Domestic team information
- 1980/81–1999/2000: Saurashtra

Career statistics
| Competition | FC | List A |
| Matches | 81 | 18 |
| Runs scored | 4,822 | 598 |
| Batting average | 41.56 | 42.71 |
| 100s/50s | 14/20 | 1/4 |
| Top score | 203 | 104 |
| Balls bowled | 400 | 6 |
| Wickets | 3 | 0 |
| Bowling average | 92.66 | – |
| 5 wickets in innings | 0 | – |
| 10 wickets in match | 0 | n/a |
| Best bowling | 2/30 | – |
| Catches/stumpings | 50/– | 8/– |
- Source: ESPNcricinfo, 7 March 2016

= Bimal Jadeja =

Indian cricketer

Bimal Mulubha Jadeja (born 22 August 1964) is an Indian former first-class cricketer and Former Captain of Saurashtra cricket team. He became a cricket coach after his playing career.

==Career==
A left-handed batsman and occasional leg break bowler, Jadeja played first-class cricket for Saurashtra and West Zone. He appeared in a total of 81 first-class and 18 List A matches in his career that lasted between 1980/81 and 1999/00 seasons. He made more than 4800 runs at an average of over 41, along with 14 centuries, in first-class cricket. He also captained the Saurashtra team during his career.

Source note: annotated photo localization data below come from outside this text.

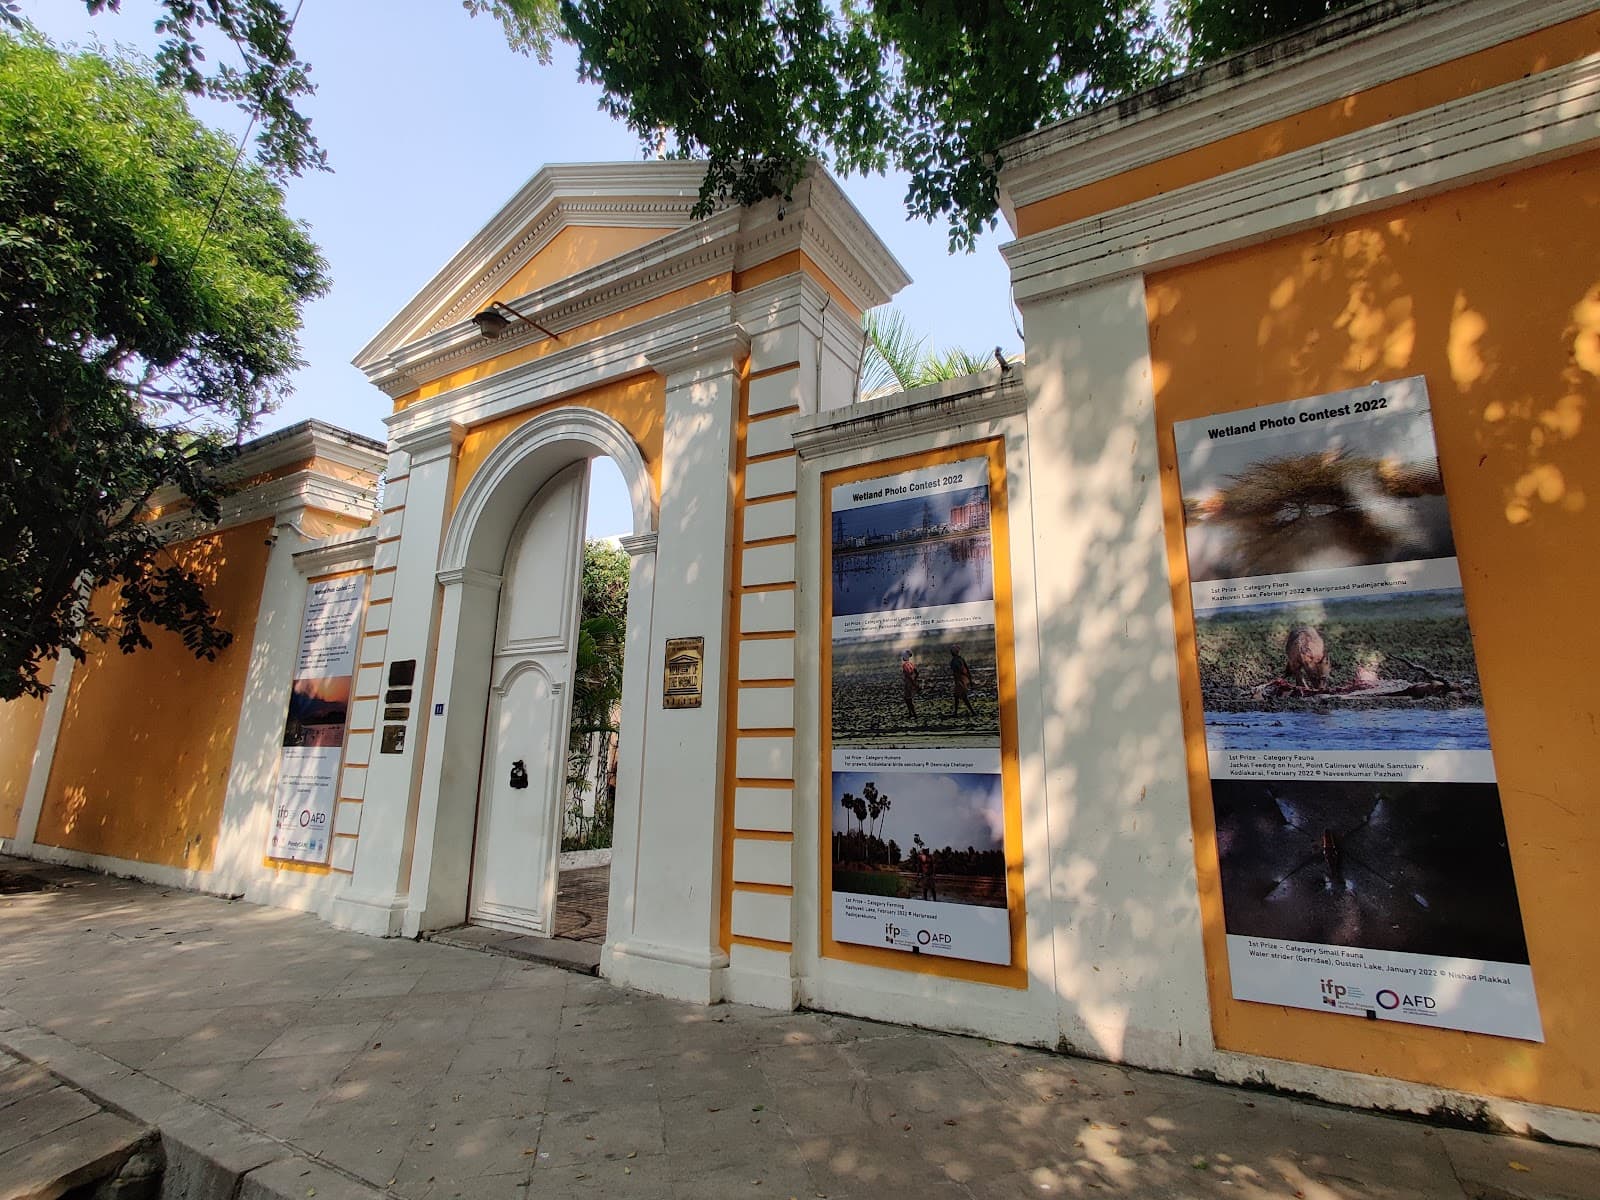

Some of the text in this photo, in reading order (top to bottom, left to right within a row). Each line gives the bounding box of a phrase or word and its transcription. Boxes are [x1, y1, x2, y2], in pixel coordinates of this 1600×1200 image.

[1208, 397, 1388, 440] Wetland Photo Contest 2022
[852, 473, 963, 502] Wetland Photo Contest 2022
[1263, 754, 1292, 762] Category
[1266, 770, 1297, 778] February
[310, 812, 326, 824] AFD
[885, 923, 901, 938] ifp
[931, 933, 952, 944] AFD
[1248, 940, 1260, 948] 1st
[1260, 941, 1278, 950] Prize
[1285, 944, 1317, 956] Category
[1318, 947, 1340, 957] Small
[1341, 949, 1364, 959] Fauna
[1249, 949, 1269, 958] Water
[1270, 952, 1293, 960] strider
[1363, 962, 1385, 972] Lake,
[1385, 965, 1417, 976] January
[1418, 968, 1438, 977] 2022
[1448, 971, 1477, 981] Nishad
[1320, 978, 1347, 999] ifp
[1402, 994, 1437, 1009] AFD
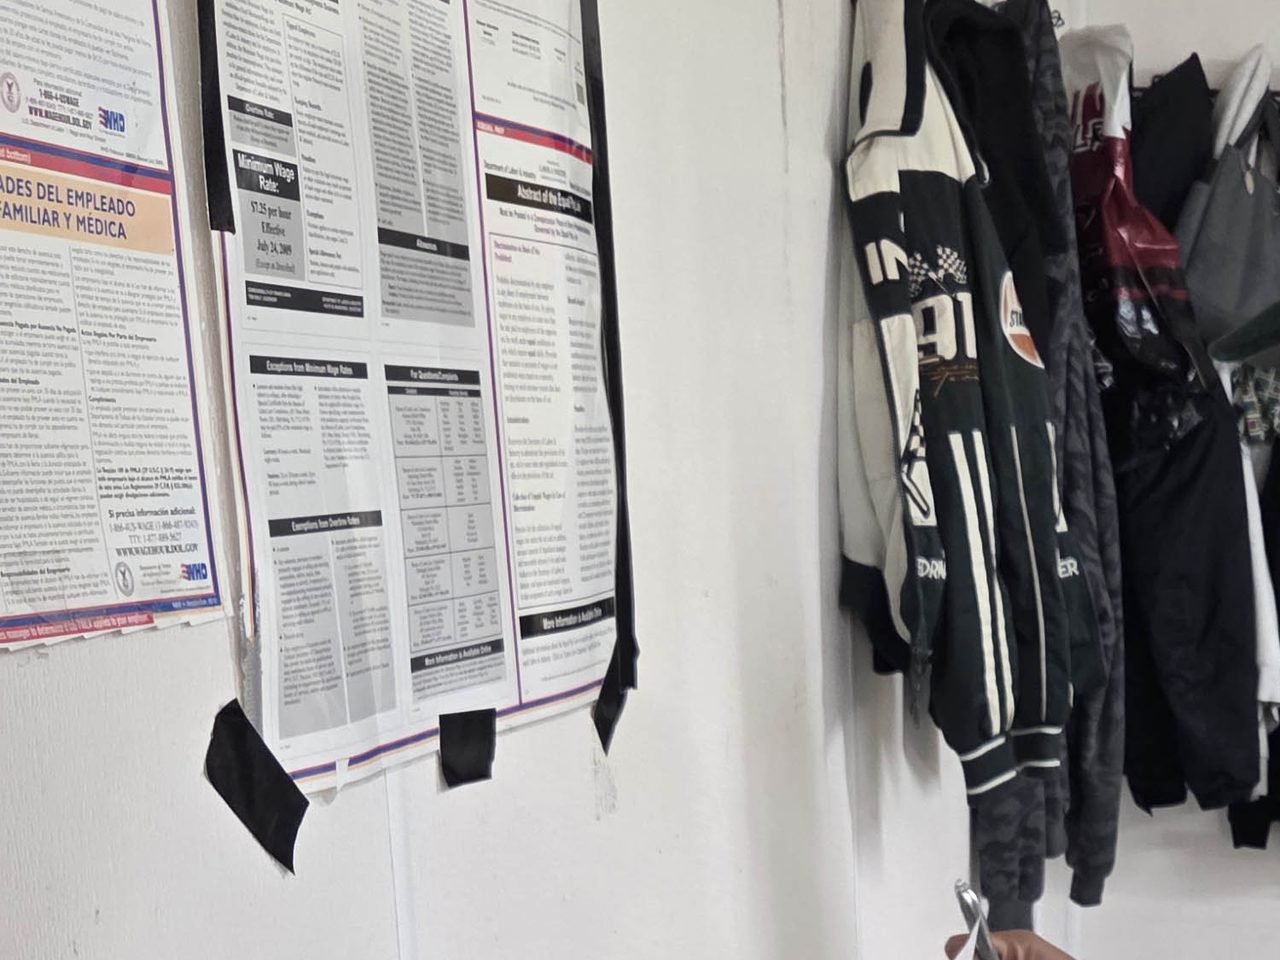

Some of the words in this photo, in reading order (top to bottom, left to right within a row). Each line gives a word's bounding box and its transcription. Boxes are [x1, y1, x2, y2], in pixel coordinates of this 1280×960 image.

[104, 109, 126, 132] WHD
[238, 152, 274, 175] Minimum
[273, 161, 295, 183] Wage
[259, 174, 279, 194] Rate:
[37, 182, 63, 204] DEL
[67, 189, 135, 217] EMPLEADO
[0, 200, 60, 229] AMILIAR
[63, 212, 72, 230] Y
[76, 212, 127, 240] MÉDICA
[257, 239, 269, 255] July
[266, 360, 293, 373] Exceptions
[116, 509, 135, 519] precisa
[136, 508, 169, 517] información
[291, 520, 318, 531] Exceptions
[187, 563, 208, 580] WHD
[436, 652, 458, 665] Information
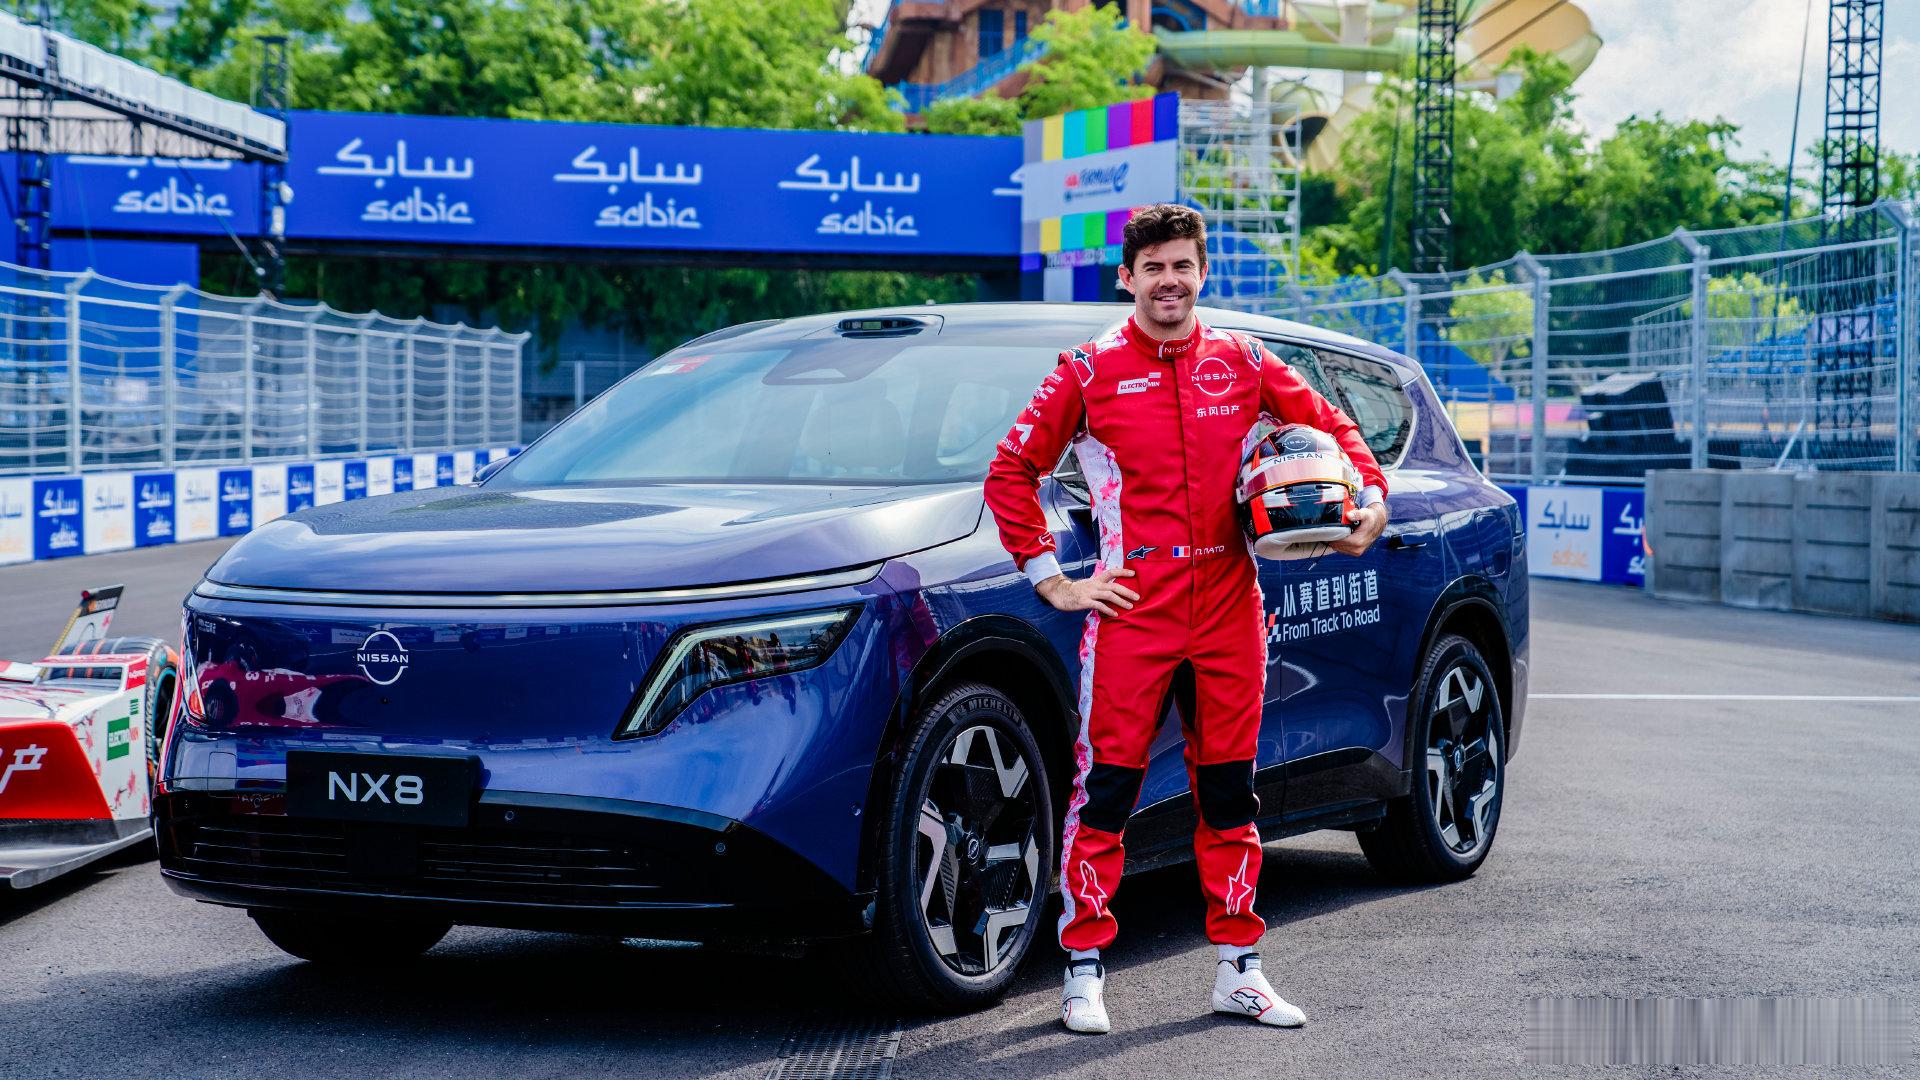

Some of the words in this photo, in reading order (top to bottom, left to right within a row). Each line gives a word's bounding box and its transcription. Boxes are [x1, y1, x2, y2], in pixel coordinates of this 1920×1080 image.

Jadeja worked as a cricket coach after retirement. After having coached the Gujarat team in Ranji Trophy, he was appointed as the coach of the Central Board of Cricket Ahmedabad in 2014.

==Personal life==
Jadeja's father Mulubha Jadeja had played first-class cricket for Saurashtra and Railways as a right-handed batsman between 1945/46 and 1964/65.He has one son named Bimal Jadeja who is former Ranji player and Coach. Jadeja is also a distant relative of Ranjitsinhji (Jamranjitsinhji) who played Test cricket for England.